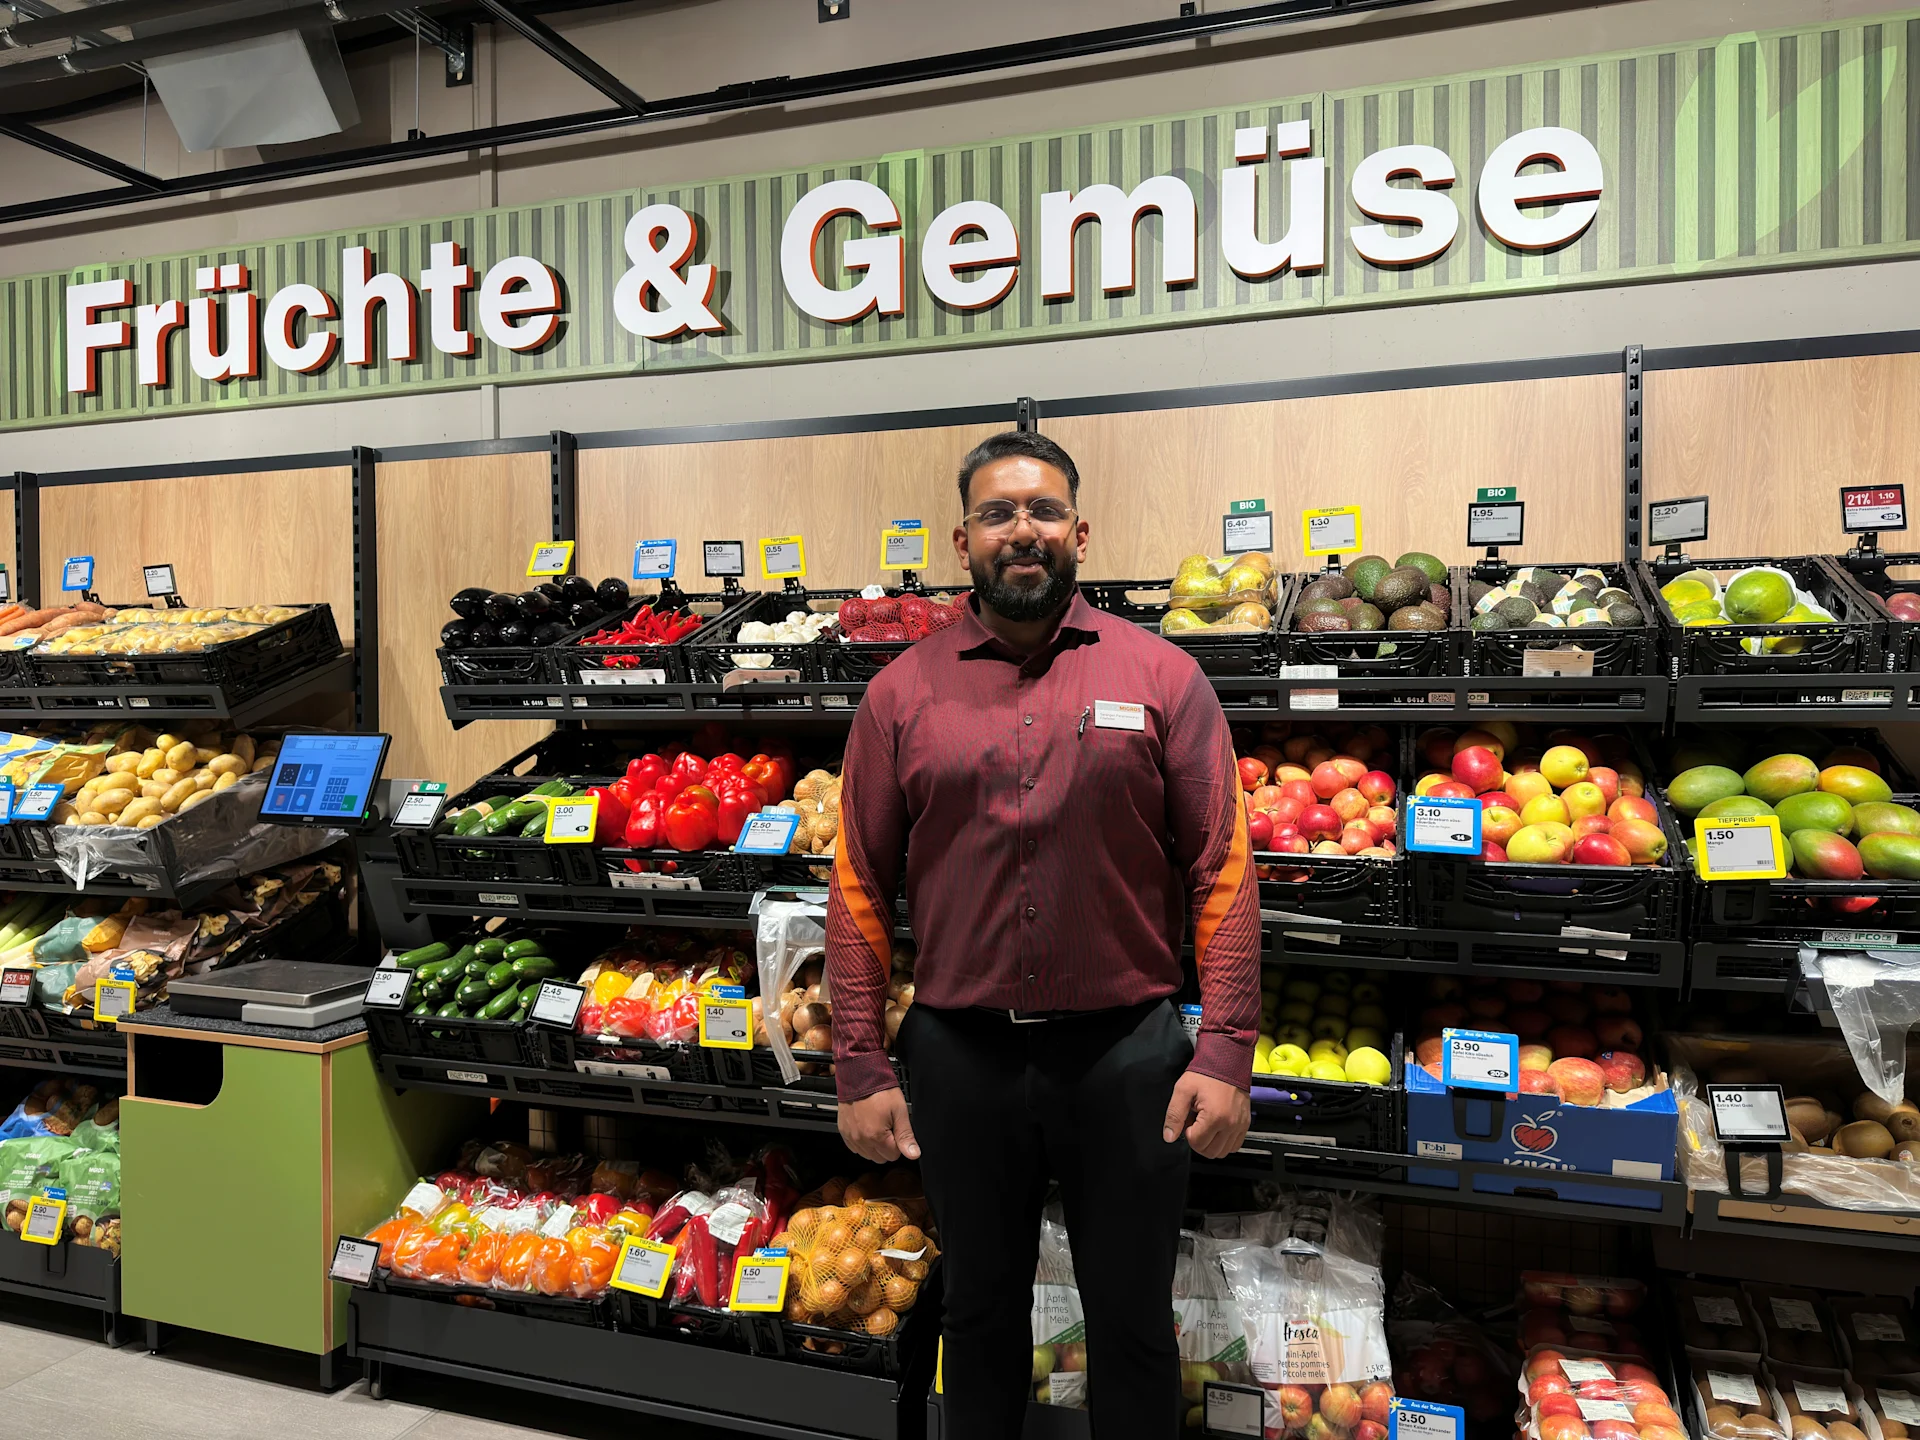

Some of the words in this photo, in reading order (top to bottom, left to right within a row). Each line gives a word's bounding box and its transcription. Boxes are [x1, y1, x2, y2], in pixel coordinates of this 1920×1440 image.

[66, 241, 563, 394] Früchte
[613, 203, 727, 340] &
[780, 119, 1604, 323] Gemüse
[1487, 488, 1506, 497] BIO
[1878, 492, 1895, 500] 1.10
[1847, 492, 1871, 506] 21%
[1239, 501, 1256, 510] BIO
[1472, 509, 1493, 517] 1.95
[1654, 506, 1679, 516] 3.20
[1227, 519, 1248, 527] 6.40
[1310, 517, 1330, 526] 1.30
[888, 537, 904, 545] 1.00
[766, 545, 782, 553] 0.55
[1671, 656, 1679, 680] LL4310
[425, 783, 440, 791] BIO
[556, 806, 574, 814] 3.00
[770, 807, 786, 815] BIO
[1417, 808, 1441, 817] 3.10
[1706, 830, 1734, 840] 1.50
[1854, 933, 1881, 941] IFCO
[4, 972, 17, 984] 25%
[375, 973, 392, 981] 3.90
[101, 987, 114, 995] 1.30
[543, 985, 562, 996] 2.45
[706, 1007, 724, 1016] 1.40
[1453, 1041, 1480, 1052] 3.90
[1490, 1070, 1505, 1078] 202
[1715, 1093, 1742, 1103] 1.40
[33, 1205, 47, 1214] 2.90
[340, 1242, 356, 1252] 1.95
[639, 1239, 662, 1249] TIEFPREIS
[628, 1247, 646, 1258] 1.60
[742, 1268, 761, 1277] 1.50
[1047, 1293, 1068, 1305] Äpfel
[1050, 1315, 1070, 1324] Mele
[1196, 1319, 1229, 1331] Pommes
[1283, 1321, 1320, 1341] fresca
[1213, 1332, 1229, 1342] Mele
[1376, 1363, 1385, 1373] kg
[1209, 1391, 1233, 1402] 4.55
[1399, 1412, 1426, 1425] 3.50
* * *
● Activity: Set the listing above down again exactly, leaving pictures out.

● Answer box:
Some of the words in this photo, in reading order (top to bottom, left to right within a row). Each line gives a word's bounding box and its transcription. Boxes are [x1, y1, x2, y2], in pixel coordinates of this 1920×1440 image.

[66, 241, 563, 394] Früchte
[613, 203, 727, 340] &
[780, 119, 1604, 323] Gemüse
[1487, 488, 1506, 497] BIO
[1878, 492, 1895, 500] 1.10
[1847, 492, 1871, 506] 21%
[1239, 501, 1256, 510] BIO
[1472, 509, 1493, 517] 1.95
[1654, 506, 1679, 516] 3.20
[1227, 519, 1248, 527] 6.40
[1310, 517, 1330, 526] 1.30
[888, 537, 904, 545] 1.00
[766, 545, 782, 553] 0.55
[1671, 656, 1679, 680] LL4310
[425, 783, 440, 791] BIO
[556, 806, 574, 814] 3.00
[770, 807, 786, 815] BIO
[1417, 808, 1441, 817] 3.10
[1706, 830, 1734, 840] 1.50
[1854, 933, 1881, 941] IFCO
[4, 972, 17, 984] 25%
[375, 973, 392, 981] 3.90
[101, 987, 114, 995] 1.30
[543, 985, 562, 996] 2.45
[706, 1007, 724, 1016] 1.40
[1453, 1041, 1480, 1052] 3.90
[1490, 1070, 1505, 1078] 202
[1715, 1093, 1742, 1103] 1.40
[33, 1205, 47, 1214] 2.90
[340, 1242, 356, 1252] 1.95
[639, 1239, 662, 1249] TIEFPREIS
[628, 1247, 646, 1258] 1.60
[742, 1268, 761, 1277] 1.50
[1047, 1293, 1068, 1305] Äpfel
[1050, 1315, 1070, 1324] Mele
[1196, 1319, 1229, 1331] Pommes
[1283, 1321, 1320, 1341] fresca
[1213, 1332, 1229, 1342] Mele
[1376, 1363, 1385, 1373] kg
[1209, 1391, 1233, 1402] 4.55
[1399, 1412, 1426, 1425] 3.50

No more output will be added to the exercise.